La vittima si identifica con il proprio aguzzino ed in questo modo riesce a comprendere le motivazioni che l'hanno spinto a rapirla e a comportarsi in un determinato modo. Questo meccanismo psicologico permette alla vittima di tollerare le violenze subite fino ad annullare la rabbia e il rancore che invece sarebbe lecito nutrire nei confronti del proprio carnefice.
La vittima vive un forte senso di impotenza rispetto ad una reale possibilità di fuga. Una volta che la persona rapita ha la certezza di non potersi liberare autonomamente, a livello psicologico si attivano risorse volte ad evitare che si possano verificare eventi temuti. La vittima tende quindi a comportarsi in modo docile e remissivo e solitamente il rapitore rimanda feedback positivi rispetto a comportamenti di questo tipo. Si crea così un circolo vizioso che rinforza determinati atteggiamenti da entrambe le parti fino ad evidenziare che gli effetti della Sindrome di Stoccolma possono coinvolgere anche l'aguzzino che può sviluppare a sua volta sentimenti positivi verso la vittima.
La Sindrome di Stoccolma prende il nome dalla città omonima presso la quale a seguito di un sequestro a scopo di rapina, alcuni degli ostaggi una volta liberi, manifestarono dei sentimenti positivi verso i criminali, sentendosi in debito per la gentilezza e la generosità dimostrate. In particolare, il 23 agosto del 1973 Jan Erik Olsson, a quell'epoca trentaduennenne, ed un suo complice fecero irruzione nella sede della Banca di credito svedese a Stoccolma per compiere una rapina. In quel momento nell'istituto si trovavano anche quattro giovani donne. Il sequestro degli ostaggi a Stoccolma durò sei giorni, si risolse con la riconsegna dei sequestrati sani e salvi e con la resa dei rapinatori. Ma ciò che turbò l'opinione pubblica preoccupata per il rischio di vita in cui si trovavano gli ostaggi, fu l'atteggiamento imprevisto delle vittime del sequestro. Oggi Olsson, pacifico pensionato di 74 anni, racconta del momento in cui gli ostaggi si schierarono dalla sua parte: “I primi tre giorni ho sempre indossato una parrucca nera e avevo la faccia coperta di una crema marrone. Dovevo sembrare un terrorista arabo. Non parlavo svedese, solo inglese. Vedevo la paura nei loro occhi, ed era quello volevo. Poi quando ci siamo rifugiati in una sorta di corridoio all’interno della banca, quasi un tunnel, per essere più lontani dalla polizia, le cose sono cambiate. Mi sono tolto la parrucca, e ho parlato. Vede, il mio accento dello Skåne si sente molto... Abbiamo iniziato a raccontarci le nostre vite, i nostri sogni, le paure. Gli raccontavo dei miei figli - pensi, uno di loro oggi fa il poliziotto. Vedevo che gli ostaggi avevano sempre meno paura. Poi uno di loro mi chiese di andare al bagno. Mi disse “Signor rapinatore”, proprio così, “Signor rapinatore, posso andare alla toilette?”. Ero stanco, sapevo che i servizi erano vicino alla polizia, sapevo che sarebbe scappata, ma le dissi ugualmente: - Vai, ma vedi di tornare -” (La Stampa, 23 agosto 2013). La donna, nonostante i vari tentativi di convincimento di scappare da parte della polizia, tornò dal rapinatore.

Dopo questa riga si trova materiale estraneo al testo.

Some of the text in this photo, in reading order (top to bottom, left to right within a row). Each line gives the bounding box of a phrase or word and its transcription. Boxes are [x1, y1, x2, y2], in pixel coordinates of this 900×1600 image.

Alcuni esempi famosi di vittime di sequestri che hanno manifestato comportamenti tipici della Sindrome di Stoccolma sono: l'americana Patricia Hearst, ricca ereditiera diventata guerrigliera simbionese, l'austriaca Natascha Kampusch sequestrata per anni dal padre, l'italiana Giovanna Amati vittima di un sequestro dei marsigliesi, ecc.

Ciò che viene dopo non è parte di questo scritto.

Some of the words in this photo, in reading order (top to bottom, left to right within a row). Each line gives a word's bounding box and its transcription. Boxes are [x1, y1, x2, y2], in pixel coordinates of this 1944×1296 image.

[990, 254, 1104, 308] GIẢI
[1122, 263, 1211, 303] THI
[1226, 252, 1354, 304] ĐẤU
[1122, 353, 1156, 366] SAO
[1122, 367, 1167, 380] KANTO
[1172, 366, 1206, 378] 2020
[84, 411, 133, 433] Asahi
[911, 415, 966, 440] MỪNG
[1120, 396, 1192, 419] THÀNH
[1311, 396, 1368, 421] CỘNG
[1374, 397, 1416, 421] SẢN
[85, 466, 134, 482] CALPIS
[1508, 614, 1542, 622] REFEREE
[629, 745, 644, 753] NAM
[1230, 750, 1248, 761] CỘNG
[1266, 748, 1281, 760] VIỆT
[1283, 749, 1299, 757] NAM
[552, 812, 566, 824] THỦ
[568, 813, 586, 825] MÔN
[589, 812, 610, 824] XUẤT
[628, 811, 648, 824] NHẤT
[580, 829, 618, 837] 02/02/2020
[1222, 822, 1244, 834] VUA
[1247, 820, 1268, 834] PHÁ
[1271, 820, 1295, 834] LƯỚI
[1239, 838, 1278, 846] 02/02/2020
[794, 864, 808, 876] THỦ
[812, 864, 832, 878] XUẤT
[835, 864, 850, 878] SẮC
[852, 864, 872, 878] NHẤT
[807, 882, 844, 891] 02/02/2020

Come è già stato detto la Sindrome di Stoccolma non è codificata in nessun manuale diagnostico, in quanto non viene considerata un disturbo a tutti gli effetti. Eppure, sarebbe interessante approfondire le dinamiche psicologiche che sono alla base di quei comportamenti legati a tale sindrome così da poter individuare approcci psicologici d'aiuto più efficaci nei confronti delle vittime di determinate violenze o che hanno subito gravi privazioni della propria libertà.